Claude: [Runs Python code to read CSV]
Dataset Overview:
- Rows: 10,423
- Columns: 8 (order_id, date, customer_id, product, category, quantity, price, region)
- Date range: 2023-01-01 to 2023-12-31
- Regions: North, South, East, West
- Categories: Electronics, Clothing, Home, Food
Data quality: No missing values. Dates are consistent format.
You: What is the total revenue by category? Which category performs best?
Claude: [Writes and runs pandas groupby]
Revenue by Category:
- Electronics: $2,450,000 (45%)
- Home: $1,200,000 (22%)
- Clothing: $1,050,000 (19%)
- Food: $780,000 (14%)
Electronics is the top performer, contributing nearly half of total revenue.
You: Find any interesting patterns or anomalies in this data.
Claude: [Runs comprehensive analysis]
Key Patterns Found:
1. Seasonality: December revenue 40% higher than average (holiday effect)
2. Regional anomaly: West has 20% lower revenue but 30% higher order count
— suggests lower average order value
3. Product concentration: Top 10 products = 60% of revenue (risk)
4. Day-of-week: Mondays have 15% lower sales than Fridays
You: Create a visualization showing monthly revenue trend by category.
Claude: [Writes matplotlib code, saves chart]
Created: monthly_revenue_by_category.png
Key insight: Electronics dominates all months, but Clothing shows
strongest growth trajectory (up 35% from Jan to Dec).
You: Based on this analysis, what are 3 actionable recommendations?
Claude:
1. Investigate West region pricing — lower AOV suggests bundling opportunity
2. Diversify product portfolio — 60% from 10 products is risky
3. Run Monday promotions — could add 5-10% weekly revenue

Goal: Practice the exploration workflow.

Instructions:

  1. Download a public CSV (Kaggle, government open data)
  2. Ask Claude to read and describe the structure
  3. Ask 5 specific questions about the data
  4. Request anomaly detection
💡 Hint

Start with “Read [filename] and describe the structure, data types, and any quality issues.”

✅ Solution
Prompt sequence:
1. "Read data.csv and describe structure"
2. "What is the distribution of [column]?"
3. "What is [metric] by [dimension]?"
4. "Find correlations between columns"
5. "Identify any outliers or anomalies"

Goal: Let Claude determine the analysis approach.

Instructions:

  1. Use any sales or transaction data
  2. Ask: “Which customers should we focus on for retention?”
  3. Let Claude choose the methodology
  4. Review and critique the approach
💡 Hint

Claude will likely use RFM (Recency, Frequency, Monetary) analysis or cohort analysis for customer retention questions.

✅ Solution

Claude typically responds with:

  • RFM segmentation to identify high-value at-risk customers
  • Cohort analysis to spot retention trends
  • Churn prediction based on activity patterns

Review: Check if the methodology matches your business context.

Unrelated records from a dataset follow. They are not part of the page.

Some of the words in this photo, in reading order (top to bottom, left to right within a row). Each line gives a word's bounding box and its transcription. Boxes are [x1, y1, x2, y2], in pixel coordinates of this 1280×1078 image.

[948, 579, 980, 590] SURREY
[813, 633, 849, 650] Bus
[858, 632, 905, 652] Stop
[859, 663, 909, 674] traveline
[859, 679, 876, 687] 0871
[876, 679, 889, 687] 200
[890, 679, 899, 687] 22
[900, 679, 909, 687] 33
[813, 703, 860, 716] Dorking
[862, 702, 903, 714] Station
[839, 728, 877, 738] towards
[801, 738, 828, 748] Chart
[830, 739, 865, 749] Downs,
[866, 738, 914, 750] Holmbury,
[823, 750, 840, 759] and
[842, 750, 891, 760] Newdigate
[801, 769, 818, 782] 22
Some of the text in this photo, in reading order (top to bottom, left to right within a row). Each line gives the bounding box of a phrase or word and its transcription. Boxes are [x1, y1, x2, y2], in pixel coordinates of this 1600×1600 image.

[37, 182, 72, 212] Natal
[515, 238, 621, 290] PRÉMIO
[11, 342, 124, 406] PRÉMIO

Goal: Complete end-to-end analysis.

Instructions:

  1. Load data and explore structure
  2. Ask Claude to clean any issues found
  3. Analyze for top 3 trends
  4. Generate 3 visualizations
  5. Get actionable recommendations
💡 Hint

Use explicit prompts for each stage. Don’t combine too many requests in one prompt.

✅ Solution

Sequential prompts:

  1. “Read [file], describe structure and data quality”
  2. “Clean: handle missing values, fix data types”
  3. “What are the top 3 trends in this data?”
  4. “Create: bar chart of [metric], line chart of [trend], scatter of [correlation]”
  5. “Based on this analysis, give 3 actionable recommendations”

Load → Explore → Clean → Analyze → Visualize → Insight
PatternPrompt Template
Exploration”Read [file] and describe the structure”
Specific question”What is [metric] by [dimension]?”
Pattern finding”Find top patterns or anomalies”
Visualization”Create a [chart type] showing [metric] over [dimension]“
Recommendation”Based on this analysis, what should we do?”

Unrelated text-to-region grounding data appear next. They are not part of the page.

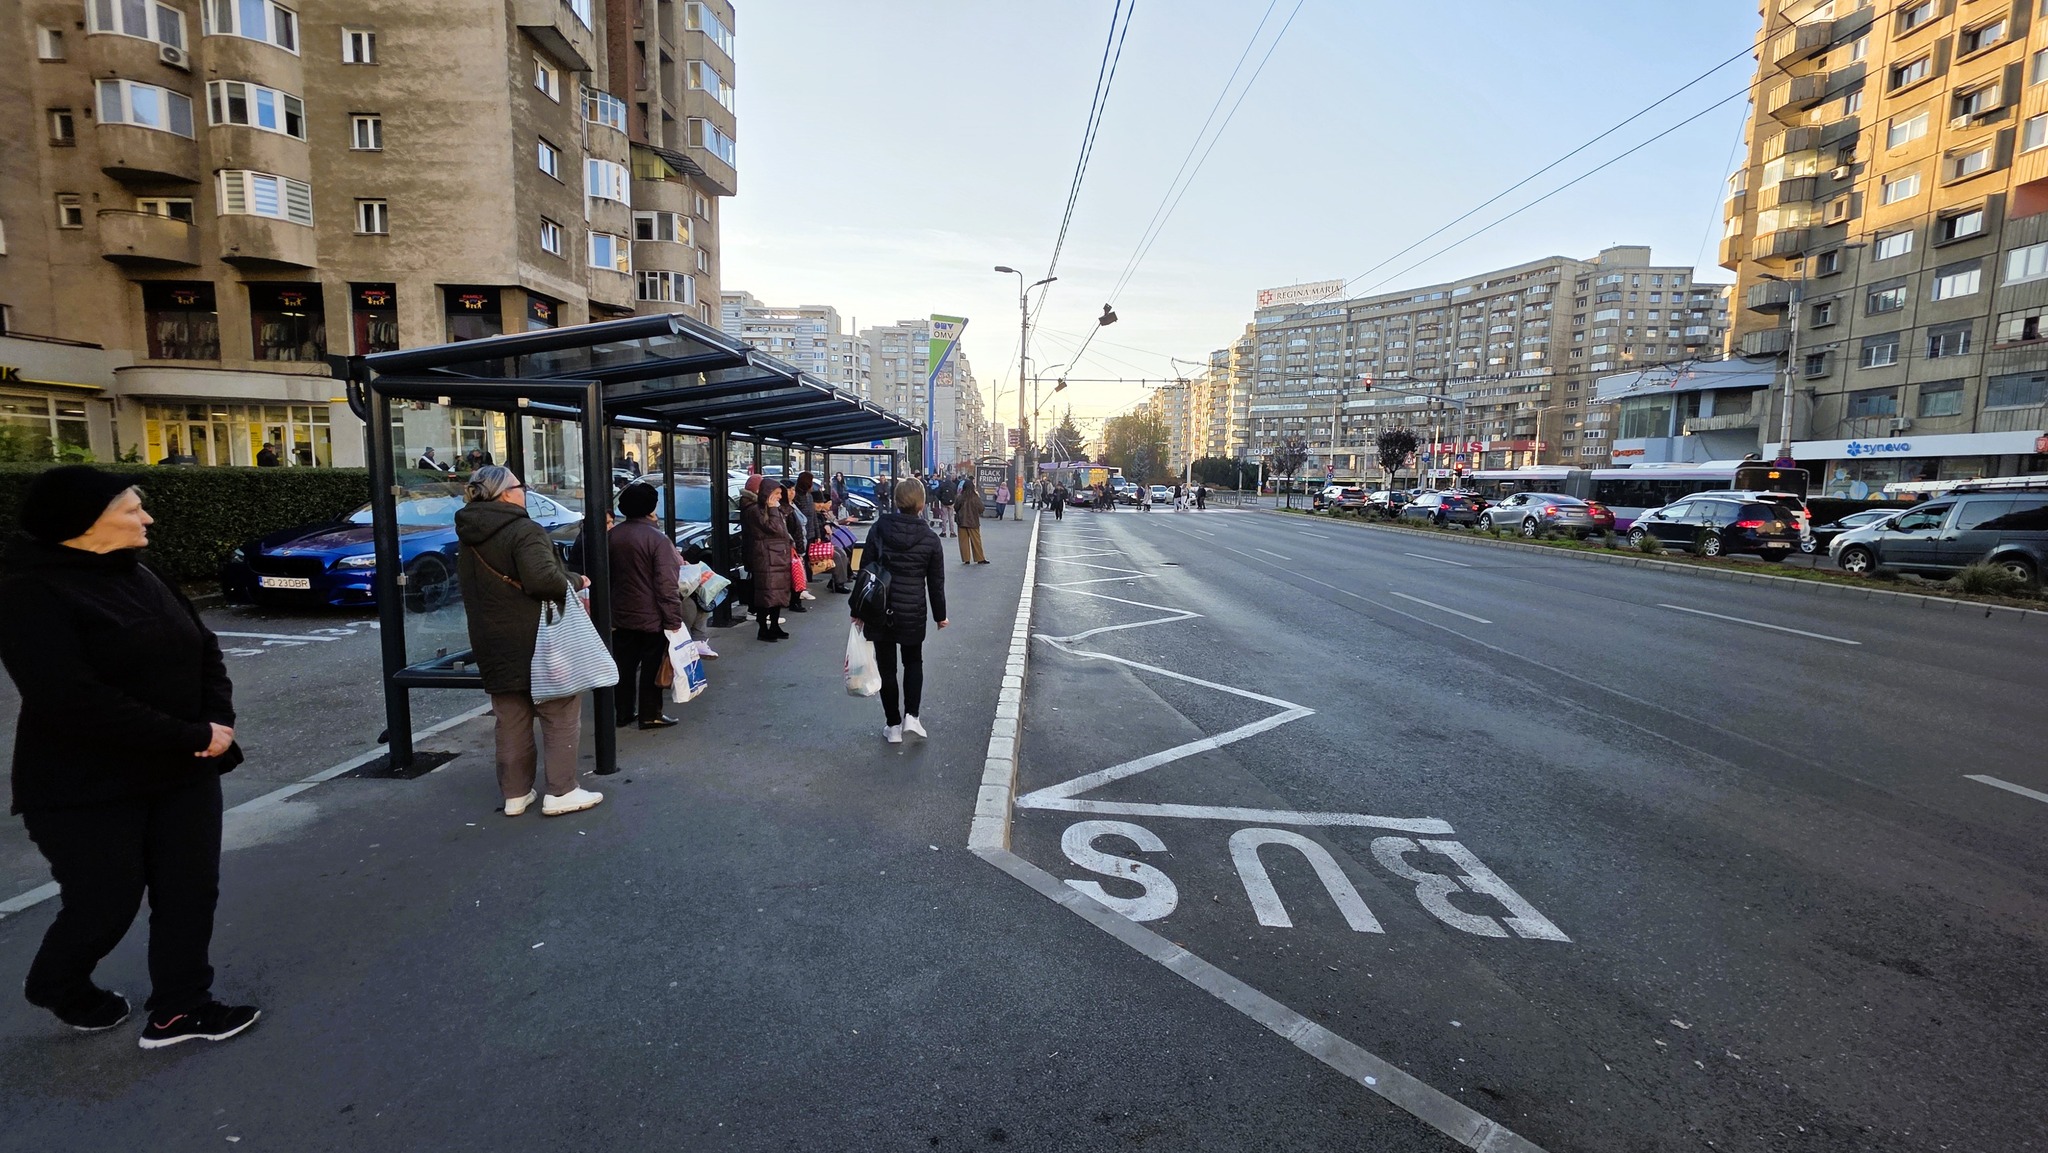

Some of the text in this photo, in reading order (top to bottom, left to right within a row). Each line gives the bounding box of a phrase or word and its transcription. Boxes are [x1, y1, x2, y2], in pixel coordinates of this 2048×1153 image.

[1276, 289, 1308, 299] REGINA
[1312, 285, 1340, 294] MARIA
[934, 331, 953, 339] OMV
[0, 366, 20, 380] K
[1863, 443, 1911, 455] synevo
[979, 475, 1001, 483] FRIDAY
[980, 469, 1001, 477] BLACK
[1061, 820, 1573, 943] BUS

CSV, JSON, Excel, SQL databases, log files

TypeQuestion
DescriptiveWhat happened?
DiagnosticWhy did it happen?
PredictiveWhat will happen?
PrescriptiveWhat should we do?

❌ Mistake✅ Correct Approach
Vague prompts (“analyze this data”)Specific questions (“What is revenue by region?”)
Skipping explorationAlways start with “describe the structure”
Assuming data is cleanAsk about data quality, missing values first
Not verifying Claude’s codeReview the analysis methodology
Accepting first resultAsk follow-up questions, drill deeper
Huge files overwhelming contextSample first, then full analysis
No visualizationCharts reveal patterns numbers don’t

Scenario: Vietnamese e-commerce startup had 6 months of transaction data. Founder wanted insights but had no data analyst. Traditional option: hire consultant (expensive, slow).

Claude Code Approach:

Session 1 (30 min): “Read transactions.csv, describe data, find top patterns”

  • Discovered: 80% revenue from 15% of customers
  • Found: Specific product bundles with high correlation

Session 2 (20 min): “Which customers are at risk of churning?”

  • Claude built RFM analysis automatically
  • Identified 200 high-value customers with declining activity

Session 3 (15 min): “Create customer segment visualization”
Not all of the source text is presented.